Tenaga Nasional Bhd believes in helping people make their lives better by equipping them with the necessary skills and improving their livelihoods. The national utility company — which took the top spot for The Edge Billion Ringgit Club’s Best CR Initiatives, Super Big Cap, Above
RM40 billion Market Capitalisation — seeks to leave a long-lasting positive impact on people and communities and protect the environment with its various programmes.
In 2020, despite being limited by the Covid-19 pandemic, TNB invested RM62.93 million in CSR activities and initiatives that span economic and social fields, the environment and education, including RM2.45 million for sports-related programmes.
A major part of the amount spent on CSR, RM49.22 million, was used for economic and social transformation. TNB not only advocates equal access to electricity, which it recognises as a basic need for daily life and socioeconomic growth, but also helps communities by providing liveable spaces with proper sanitation and opportunities to earn a livelihood.
“We are proud to collaborate with the government in achieving these ambitions, from ensuring electricity supply in rural areas to building homes for those in need.
“We have progressed with our Home Rewiring Programme to refurbish and rewire the homes of the underprivileged in Peninsular Malaysia. Our target is to rewire 1,000 homes and, to date, 316 homes have been rewired with a total contribution of RM141,915 in FY2020,” the group said in its latest Annual Report 2020.
TNB has also, with the support of the Ministry of Rural Development, supplied power to villages and Orang Asli settlements that are not within the operational area of local authorities. To date, TNB has improved connectivity in 30 villages and utilised off-grid alternatives such as solar hybrids, generator sets and mini hydro for remote rural settlements.
“The government established the Village Street Lighting (LJK) programme in 2002, with the purpose of ensuring public areas in remote villages are well lit at night, thus facilitating community safety. TNB is collaborating on the implementation of LJK, and this year we installed 20,634 streetlights in 6,397 villages,” the company shares.
The utility company is also empowering rural communities by providing financial assistance to selected areas. In 2020, TNB donated RM277,000 to two villages in Kedah — Kampung Kuala Temoyong and Kampung Weng — for various projects that would help improve the residents’ job prospects and incomes. The villages were selected based on certain criteria and supported for two years, the company says.
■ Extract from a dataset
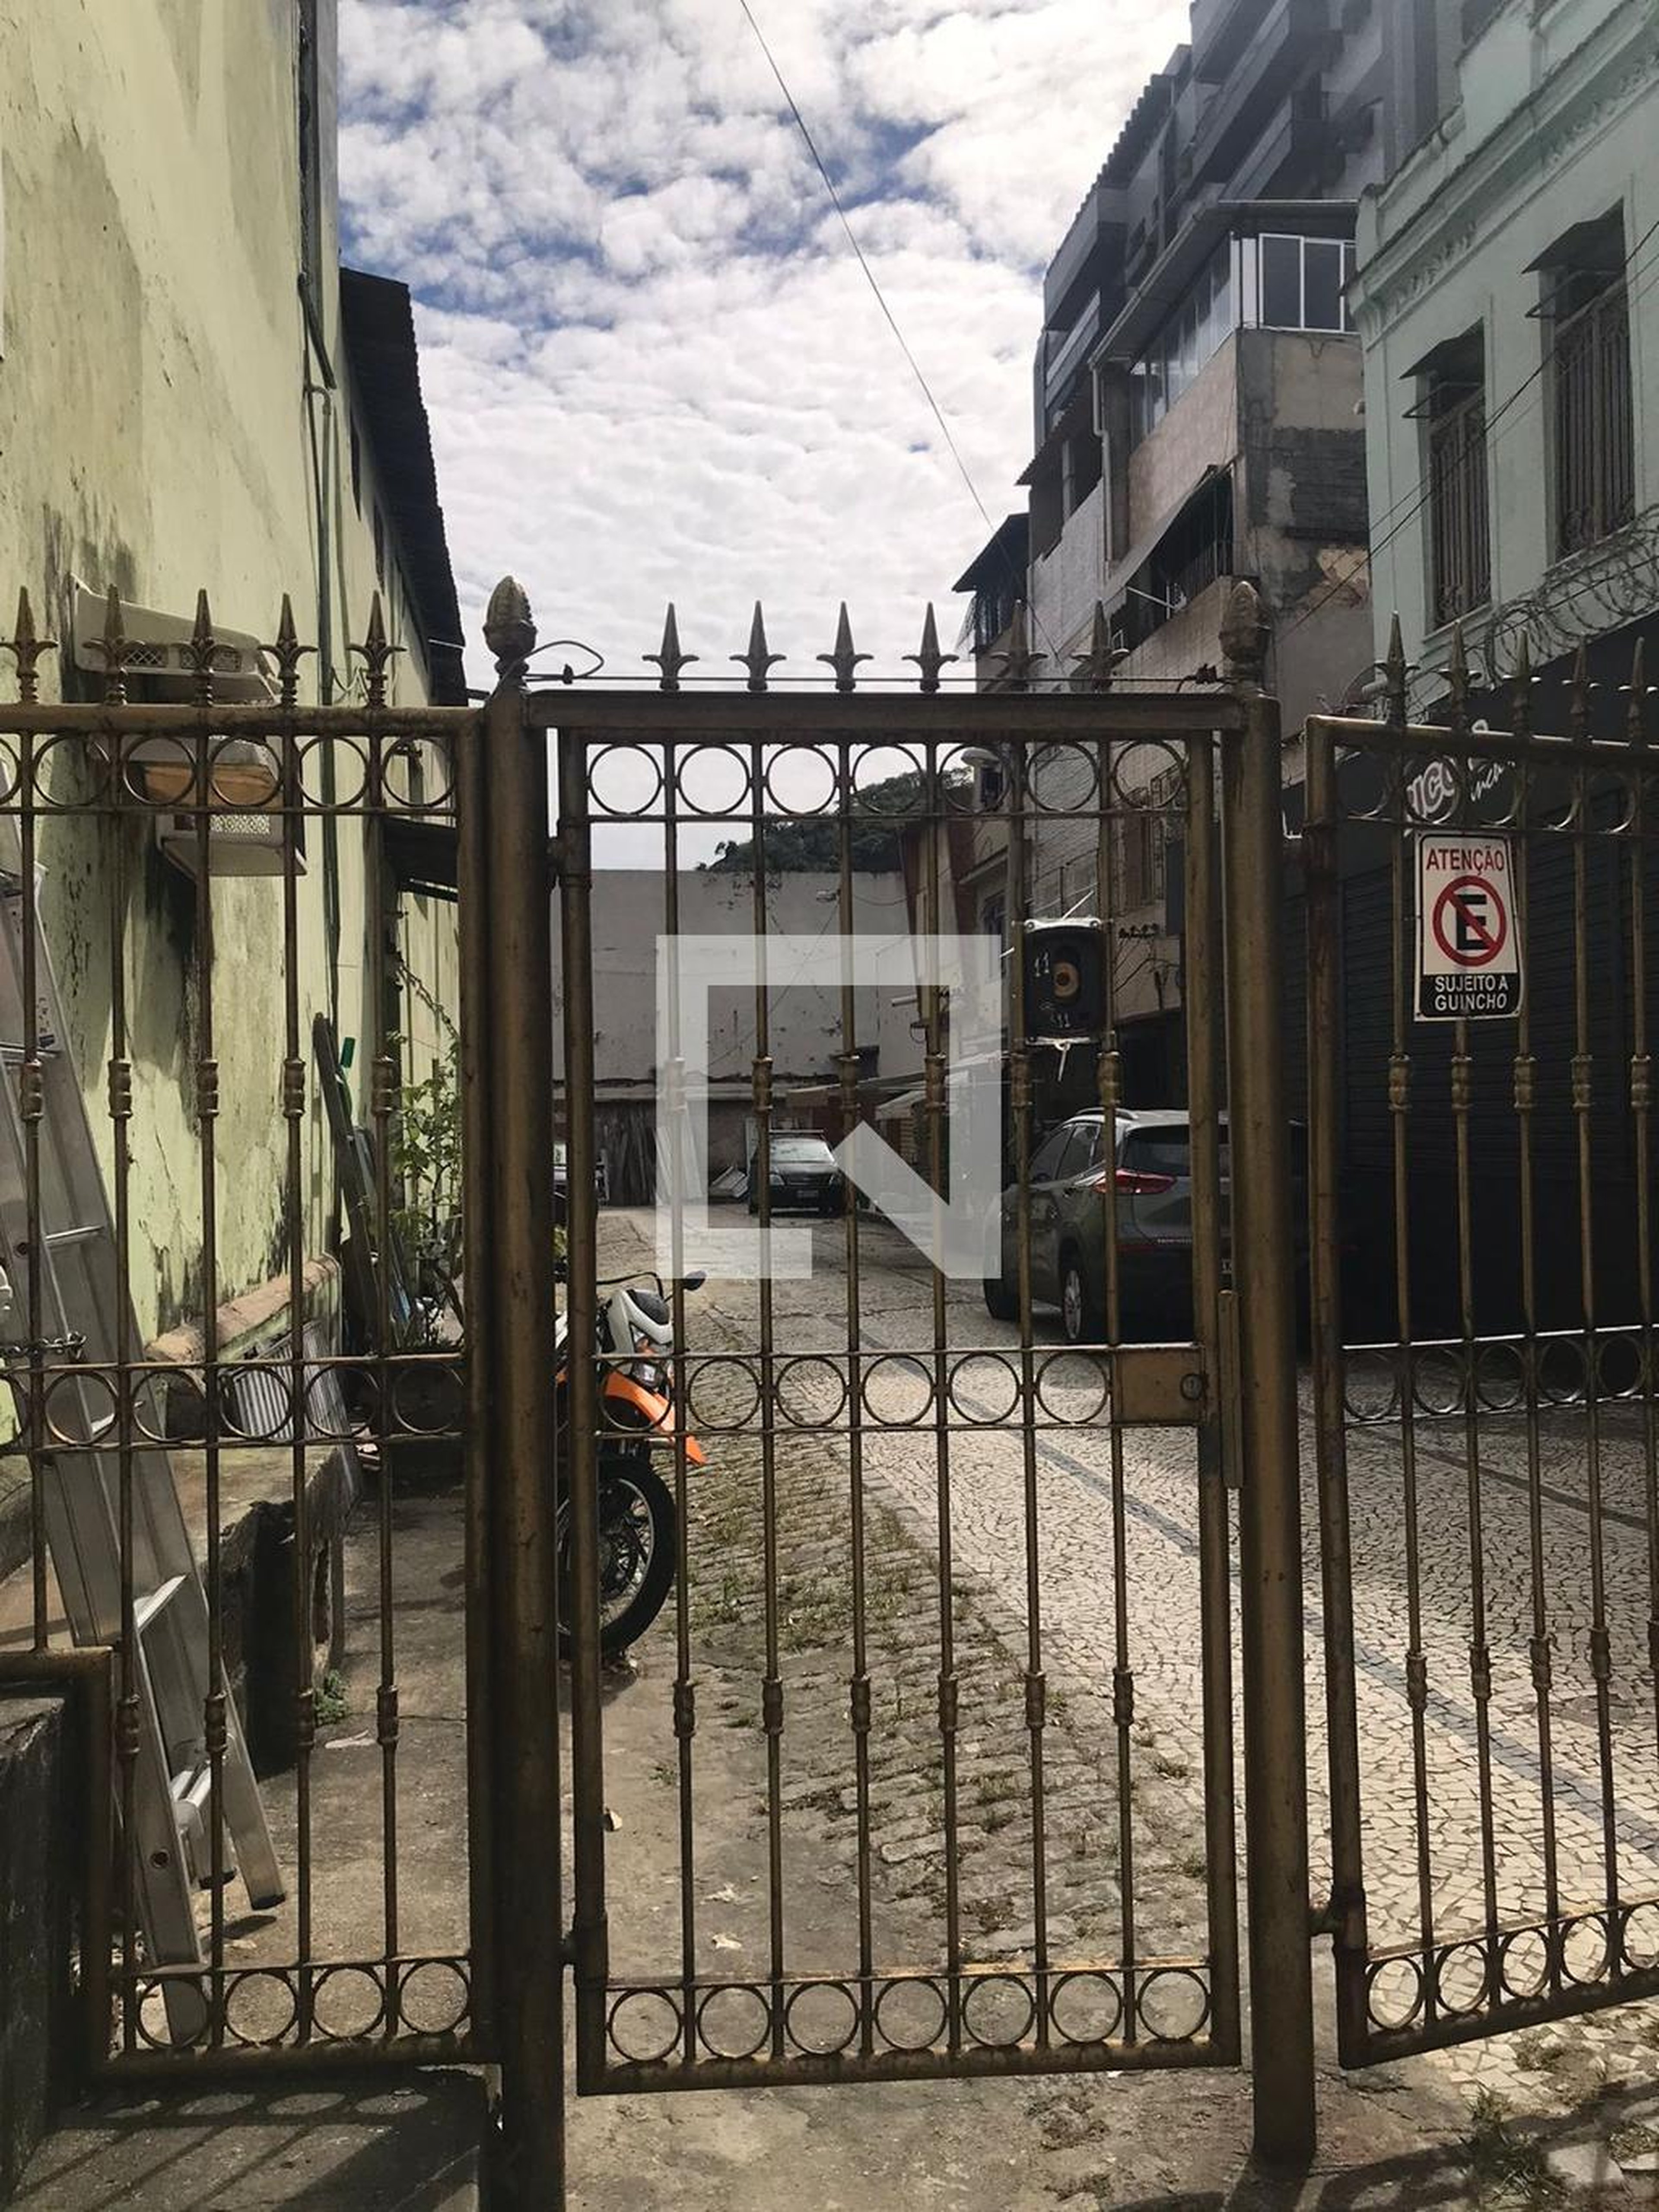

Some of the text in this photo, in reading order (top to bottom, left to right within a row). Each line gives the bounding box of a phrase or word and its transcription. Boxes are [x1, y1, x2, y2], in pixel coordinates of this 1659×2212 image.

[1426, 845, 1504, 875] ATENÇÃO
[1434, 975, 1509, 992] SUJEITO A
[1434, 993, 1507, 1011] GUINCHO
In addition, through the LED Streetlight Replacement Programme, TNB replaces high-pressure sodium vapour street lights with LED lights, which leads to both cost and energy efficiency, in all state capitals. It has so far installed 483,776 such lights across Peninsular Malaysia, up from 326,053 in FY2019.
TNB also took a step forward in protecting the environment via its annual Mangrove Planting Programme, which aims to enhance the protection of coastal environments and encourage sustainable fisheries in the vicinity of Janamanjung, Perak.
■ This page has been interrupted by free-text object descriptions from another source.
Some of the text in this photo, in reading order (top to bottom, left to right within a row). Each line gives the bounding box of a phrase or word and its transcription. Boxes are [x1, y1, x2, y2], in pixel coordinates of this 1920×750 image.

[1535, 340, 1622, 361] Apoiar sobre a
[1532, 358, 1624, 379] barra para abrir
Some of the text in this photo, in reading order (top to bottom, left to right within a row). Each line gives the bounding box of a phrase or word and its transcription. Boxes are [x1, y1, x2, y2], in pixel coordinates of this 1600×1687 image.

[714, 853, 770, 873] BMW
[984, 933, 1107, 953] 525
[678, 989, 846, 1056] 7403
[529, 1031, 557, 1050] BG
“In FY2020, some 10,600 mangrove saplings were planted in Sungai Limau, Manjung, with a total spend of RM250,000. This year’s initiative was in collaboration with the non-governmental organisation
Global Environmental Centre and the Manjung District Office, along with the Sungai Limau community, Sahabat Hutan Bakau Kuala Gula and Sahabat Hutan Bakau Lekir Sitiawan,” it said.
TNB has also continued to protect the country’s firefly colonies with conservation efforts in areas such as Kampung Kuantan, Kuala Selangor, which has one of the largest firefly colonies in Southeast Asia, as well as Kampung Yak Yah, Kemaman, Terengganu; Kampung Sungai Timun, Rembau, Negeri Sembilan; and Kampung Dew, Taiping, Perak. The group has so far spent RM36,000 on infrastructure, community development and promotion and publicity for these areas.
In addition, since tourism was severely affected by the Covid-19 pandemic, TNB further contributed RM33,500 to 76 boatmen in the four firefly colonies.